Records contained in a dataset
- - - - -

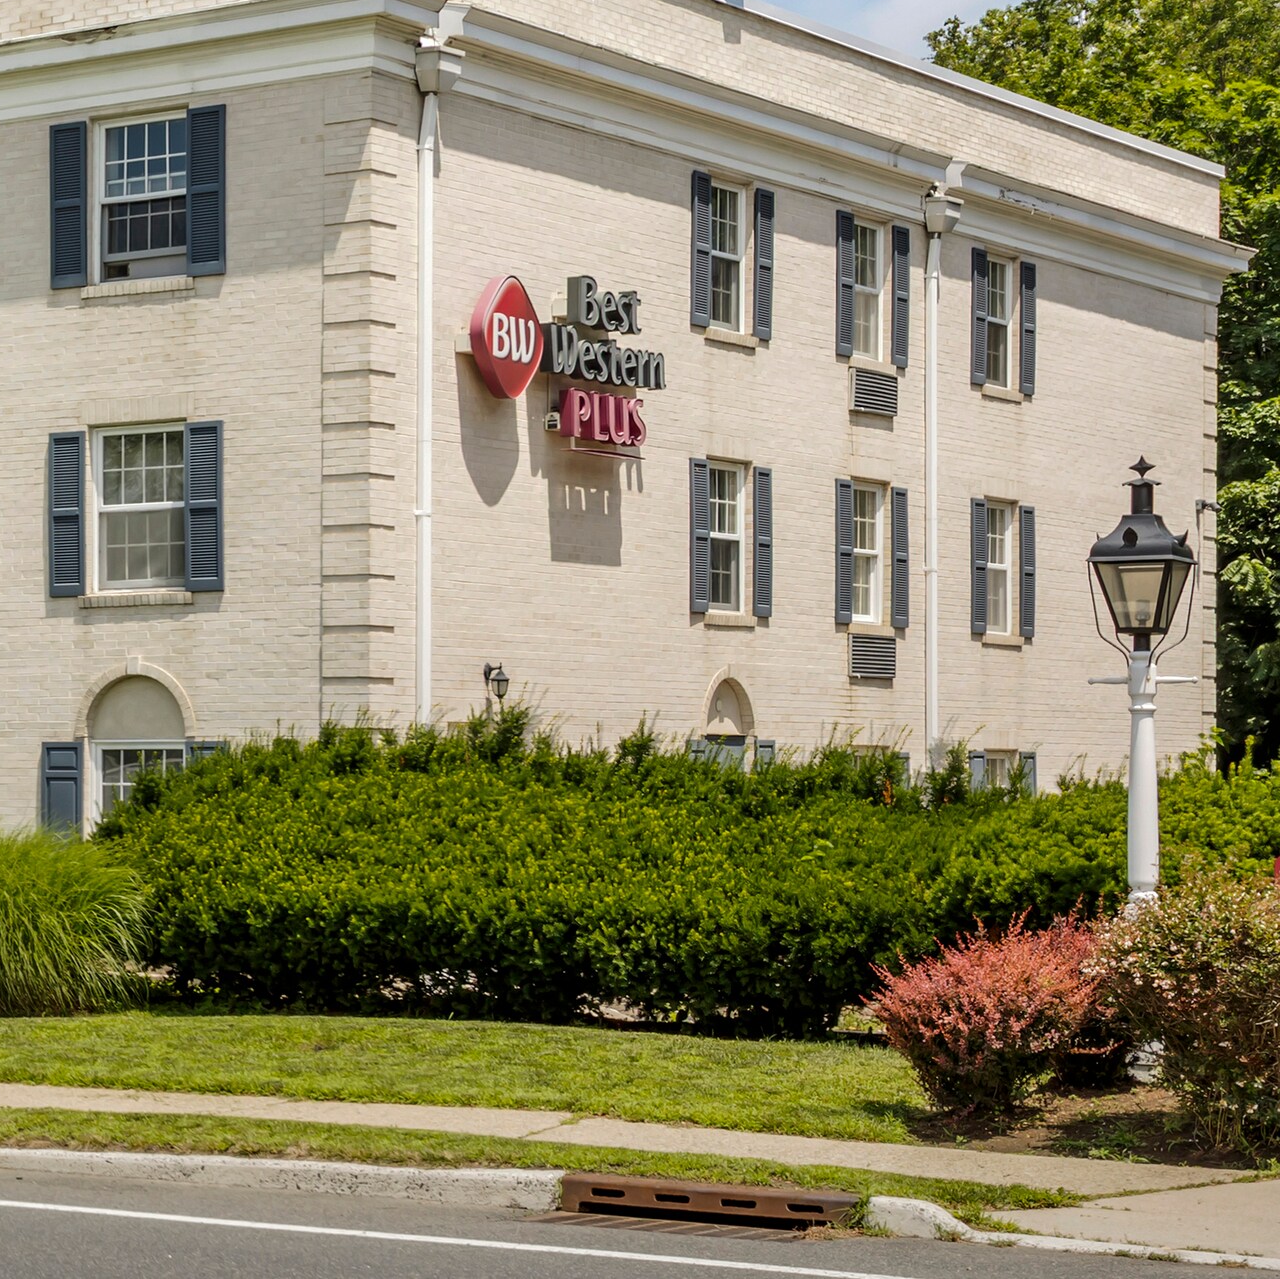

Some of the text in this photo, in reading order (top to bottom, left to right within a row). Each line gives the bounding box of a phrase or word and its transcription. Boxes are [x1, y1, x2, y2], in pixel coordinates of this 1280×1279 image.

[575, 275, 642, 335] Best
[492, 313, 536, 365] BW
[546, 322, 667, 390] Western
[568, 387, 647, 447] PLUS

- - - - -

**Your objective**
Would you set down the records above once more, exactly, with the pictures removed?

**Answer box**
Some of the text in this photo, in reading order (top to bottom, left to right within a row). Each line gives the bounding box of a phrase or word and its transcription. Boxes are [x1, y1, x2, y2], in pixel coordinates of this 1280×1279 image.

[575, 275, 642, 335] Best
[492, 313, 536, 365] BW
[546, 322, 667, 390] Western
[568, 387, 647, 447] PLUS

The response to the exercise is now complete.